The current development kernel release is 2.5.7, which was released on March 18. This will be the last such release for a while, since Linus has headed off for a two-week vacation. This release contains some fairly big patches, including:
  • The current ACPI patch from Andrew Grover and company. ACPI did not work particularly well in the prepatches, but a number of the problems have been dealt with for the 2.5.7 final release.

  • The NAPI work by Jamal Hadi Salim, Robert Olsson, and Alexey Kuznetsov. NAPI changes the way the kernel handles network traffic, with the intent of greatly improving performance on high-performance systems.
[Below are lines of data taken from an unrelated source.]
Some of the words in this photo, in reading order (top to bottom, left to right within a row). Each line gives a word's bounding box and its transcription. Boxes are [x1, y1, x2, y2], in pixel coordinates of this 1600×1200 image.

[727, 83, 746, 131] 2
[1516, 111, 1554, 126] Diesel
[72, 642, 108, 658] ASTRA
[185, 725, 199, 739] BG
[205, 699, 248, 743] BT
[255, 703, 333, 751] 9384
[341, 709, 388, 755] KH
It was discussed on this page back in October. (See also the NAPI HOWTO document that was merged into the kernel source).
Also included is a bunch of USB work, an ALSA update, more reworking of the IDE code, some NFS work (including Alexander Viro's new "nfsd" filesystem), the fast user-space mutex ("futexes") patch, a VLAN code thrashup, and no end of other fixes. It's a big patch.
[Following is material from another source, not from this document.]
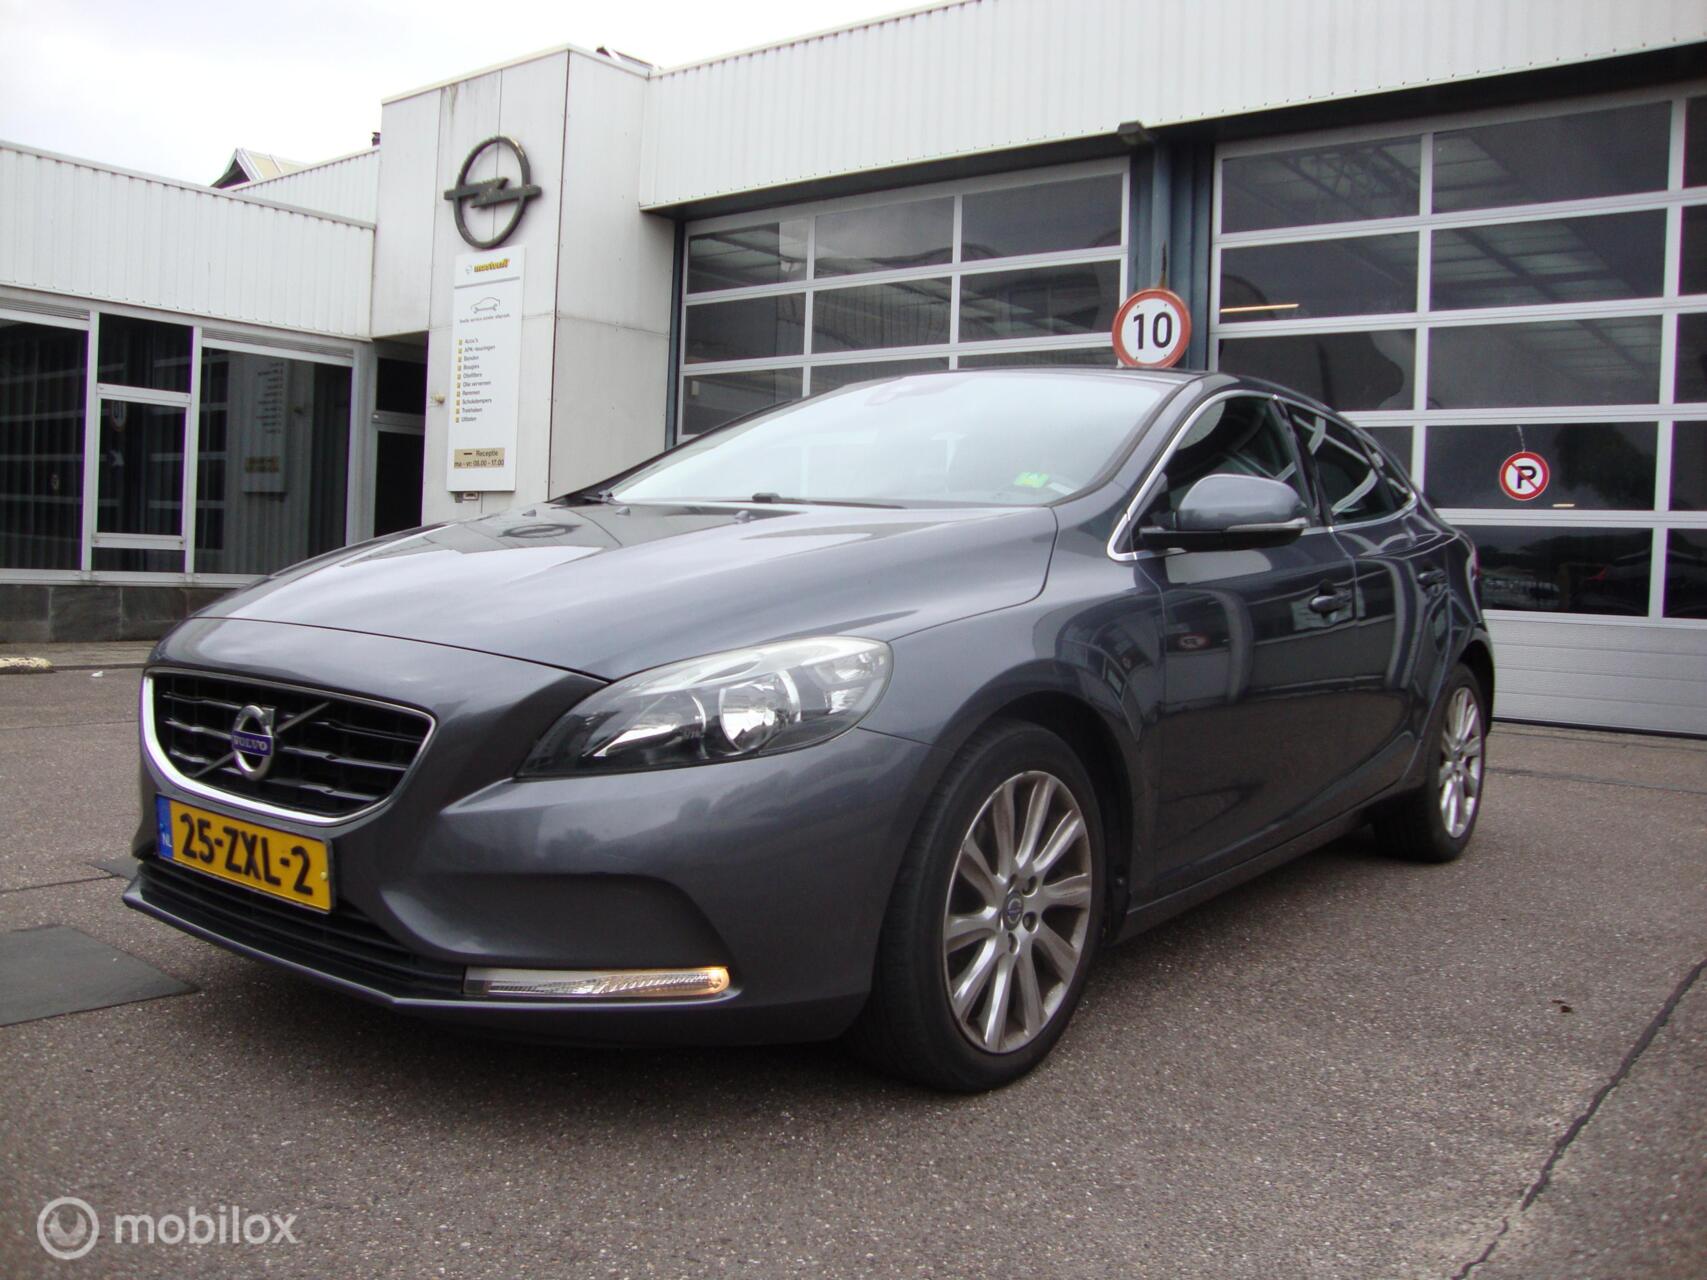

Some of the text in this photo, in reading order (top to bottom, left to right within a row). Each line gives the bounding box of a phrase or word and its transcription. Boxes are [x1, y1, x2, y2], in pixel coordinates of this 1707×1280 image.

[1133, 311, 1172, 350] 10
[233, 735, 268, 751] VOLVO
[180, 812, 313, 896] 25-ZXL-2
The latest from Dave Jones is 2.5.6-dj2, which adds a number of fixes and updates to the 2.5.7-pre2 kernel.

Guillaume Boissiere updated his 2.5 status summary on March 20.

The current stable kernel release is 2.4.18. The current 2.4.19 prepatch is 2.4.19-pre4; it includes a massive m68k update, the new video device code, and a great many other fixes.

Alan Cox's latest 2.4.19 patch is 2.4.19-pre3-ac4.

For those of you who aren't into all that bleeding-edge 2.4 stuff, David Weinehall has released 2.0.40-rc4 which should, with luck, turn into a real 2.0.40 soon.

Note that other kernel tree announcements now appear with the rest of the patches at the bottom of the page.

Kernel compilation benchmark update. When we last checked in with the fast-kernel-compile benchmark crowd (in last week's LWN Kernel Page) they had managed to get a kernel compilation down to just over 10 seconds. The record has fallen, however: Anton Blanchard has announced that he was able, through use of a 32-way PowerPC64 system, to build the benchmark kernel in 7.52 seconds. "...not a bad result for something running under a hypervisor."

Watch for sub-second kernel compilations, coming soon to a million-dollar machine near you...

The obligatory BitKeeper update. Marcelo Tosatti has announced that he is now using BitKeeper to manage the 2.4 code. See this note for information on how to access his tree.

"Discussions" of BitKeeper's licensing continue, not helped by the discovery of a temporary file race vulnerability in the BitKeeper installer. Readers of this page are more than familiar with the licensing arguments, though; we'll not repeat them this time.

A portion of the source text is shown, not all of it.